How New York Times lawsuit against OpenAI & Microsoft adds to AI regulation debate

By Ann Roberts On Dec 30, 2023

New Delhi: The New York Times (NYT) Wednesday sued ChatGPT creator OpenAI and Microsoft — an investor that owns 49 percent of the former — over “unlawful” use of content protected by US copyright law, a first for a news publication.

In the lawsuit filed in a federal court in Manhattan, NYT has argued that, due to its content being used in training the generative AI tools, the latter can “can generate output that recites Times content verbatim, closely summarises it and mimics its expressive style…These tools also wrongly attribute false information to The Times.”

The case could test the legal boundaries of AI in the US and set important precedents for the wider world, at a time when the technology’s explosive growth is far outpacing most regulatory regimes, including that of India.

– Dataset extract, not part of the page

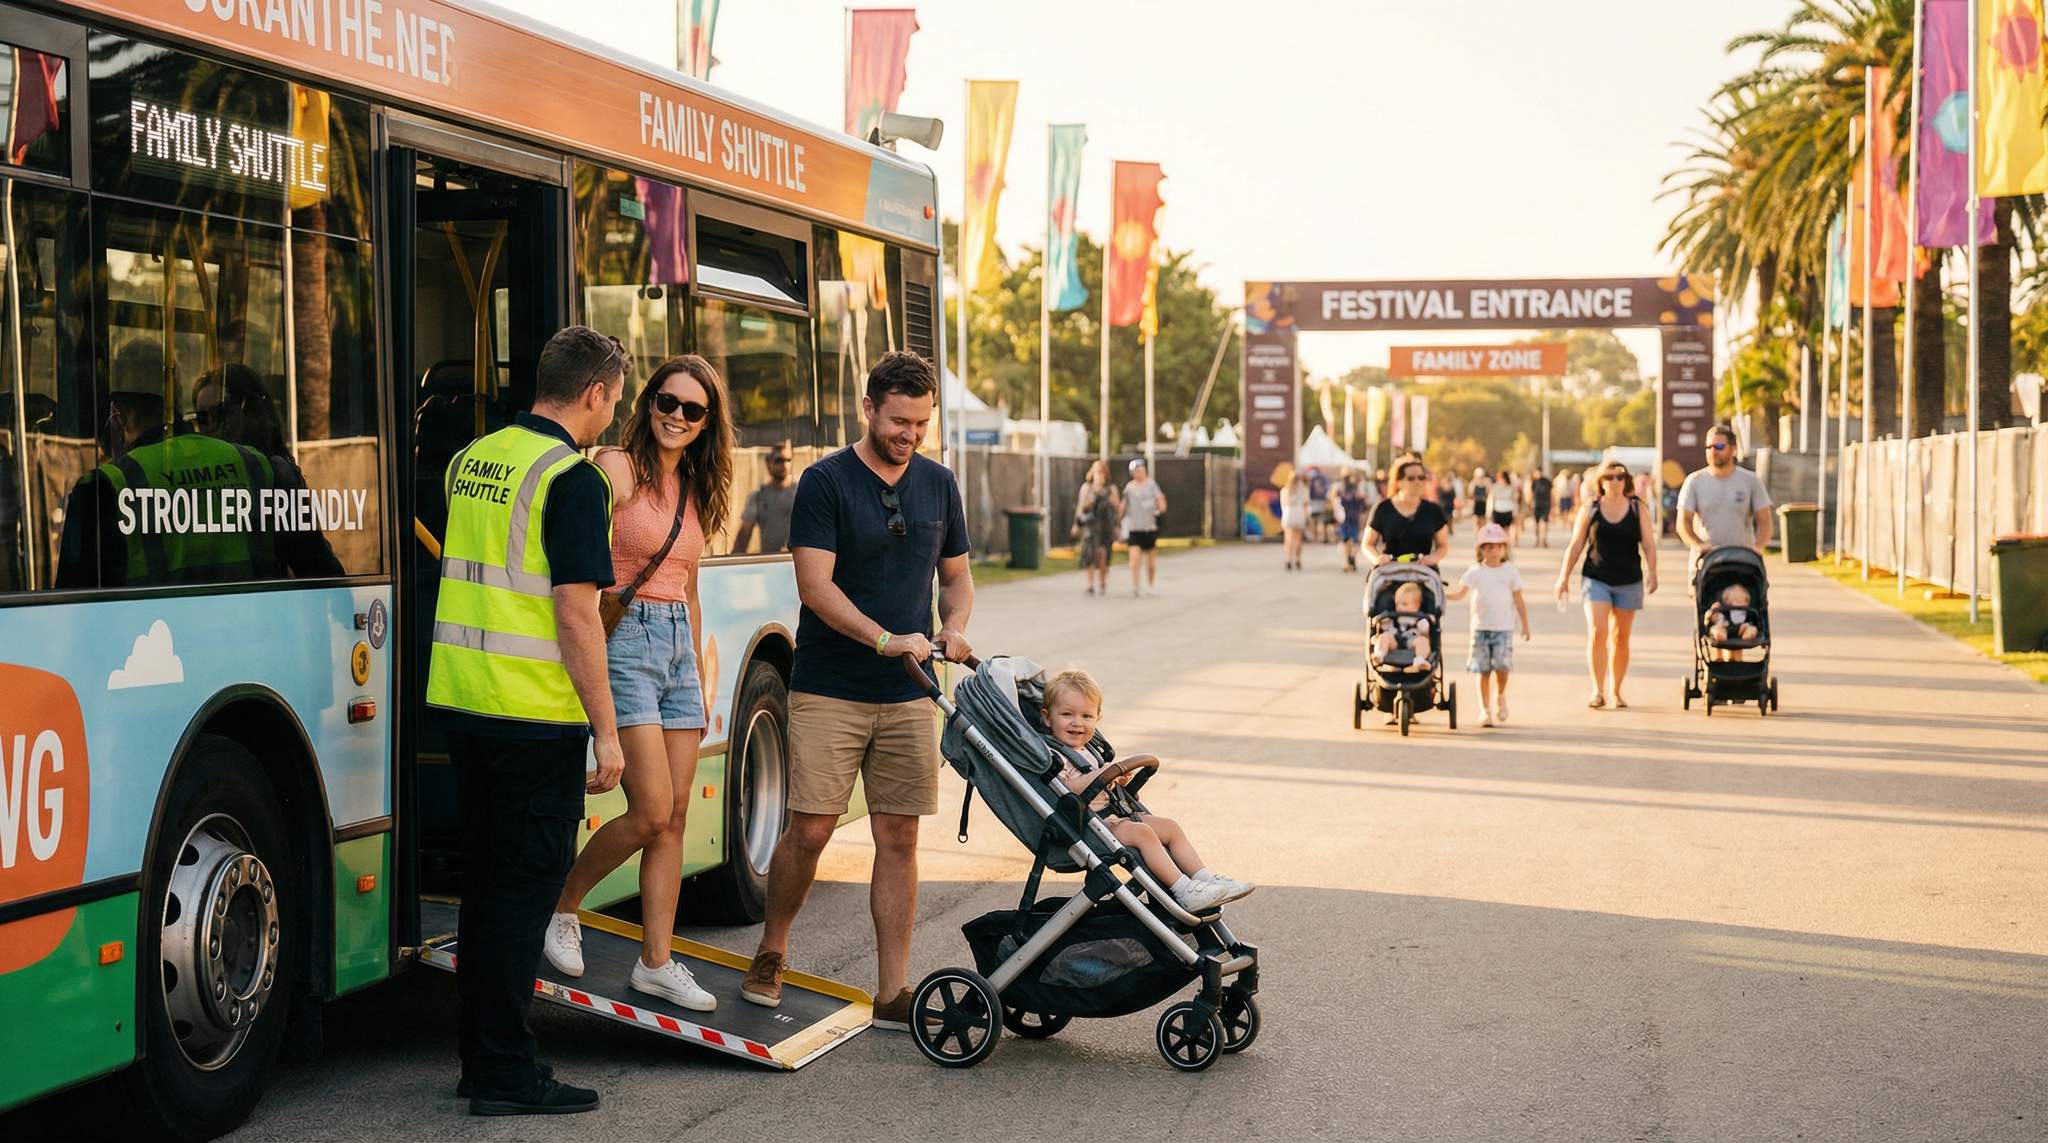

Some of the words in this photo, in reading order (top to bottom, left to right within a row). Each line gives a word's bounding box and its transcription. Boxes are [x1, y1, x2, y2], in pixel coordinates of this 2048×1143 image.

ThePrint looks at the lawsuit and other cases against OpenAI, as well as the wider regulatory lacunae this battle has drawn attention to.

What are the charges?

Seeking large damages without citing a specific amount, the New York Times lawsuit says OpenAI was “built in large part on the unlicensed exploitation of copyrighted works belonging to The Times and others.” It adds that the company is now valued as high as $90 billion, with a projected revenue of over $1 billion in 2024.

The Times, on the other hand, has been “deprived of subscription, licensing, advertising and affiliate revenue” worth “billions of dollars in statutory and actual damages that they owe for the unlawful copying and use of The Times’s uniquely valuable works”.

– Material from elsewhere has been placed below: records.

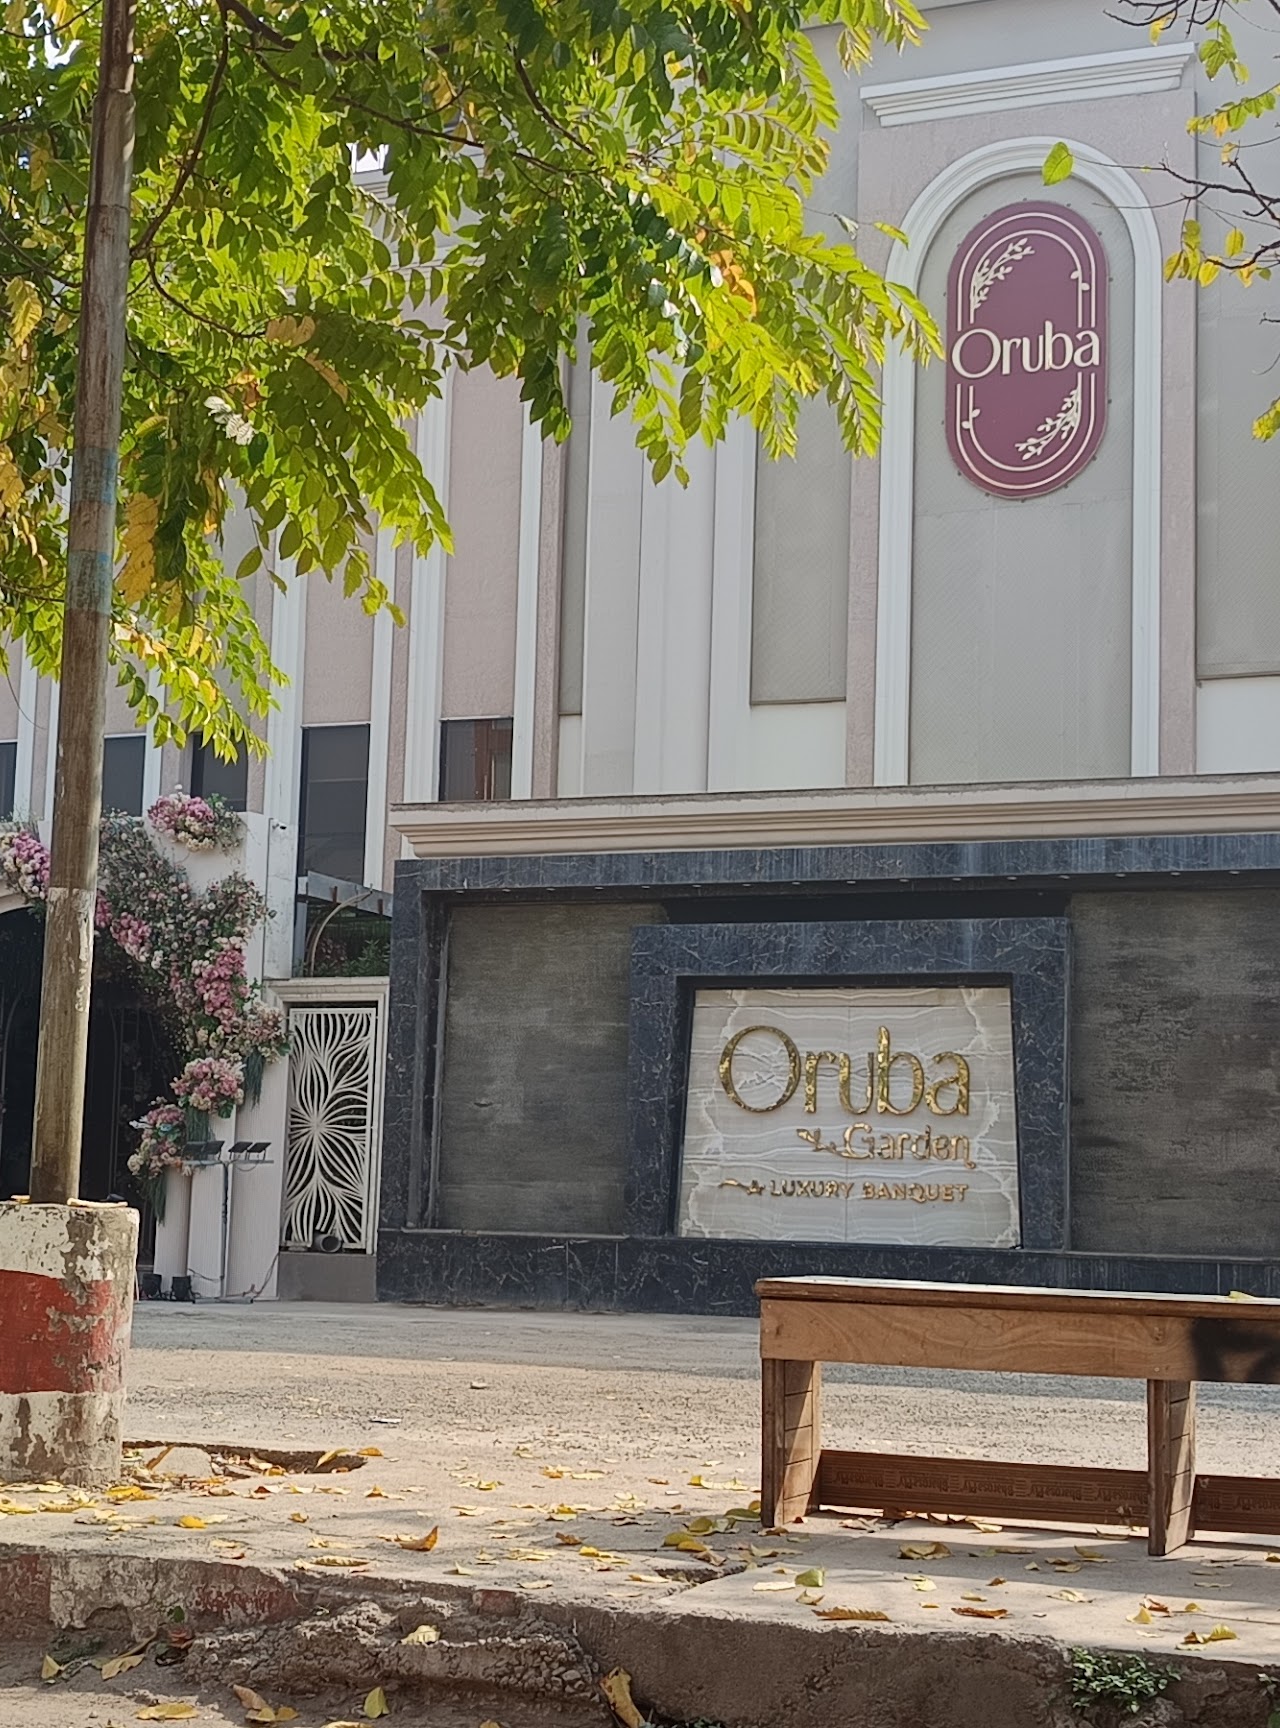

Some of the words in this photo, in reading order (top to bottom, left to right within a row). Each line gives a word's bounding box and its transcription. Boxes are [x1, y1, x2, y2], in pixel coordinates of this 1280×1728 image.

[951, 320, 1100, 379] Oruba
[719, 1025, 969, 1115] Oruba
[841, 1122, 976, 1169] Garden
[770, 1181, 854, 1198] LUXURY
[862, 1182, 969, 1203] BANQUET

The lawsuit comes after negotiations since April, the publishers claim. These were inconclusive, NYT says, due to the defendants insisting that their actions be protected as “fair use” because the “use of copyrighted content to train GenAI models serves a new ‘transformative’ purpose”.

The lawsuit contests this defence, saying there is “there is nothing transformative about using The Times’s content without payment to create products that substitute for The Times and steal audiences away from it. Because the outputs of Defendants’ GenAI models compete with and closely mimic the inputs used to train them, copying Times works for that purpose is not fair use.”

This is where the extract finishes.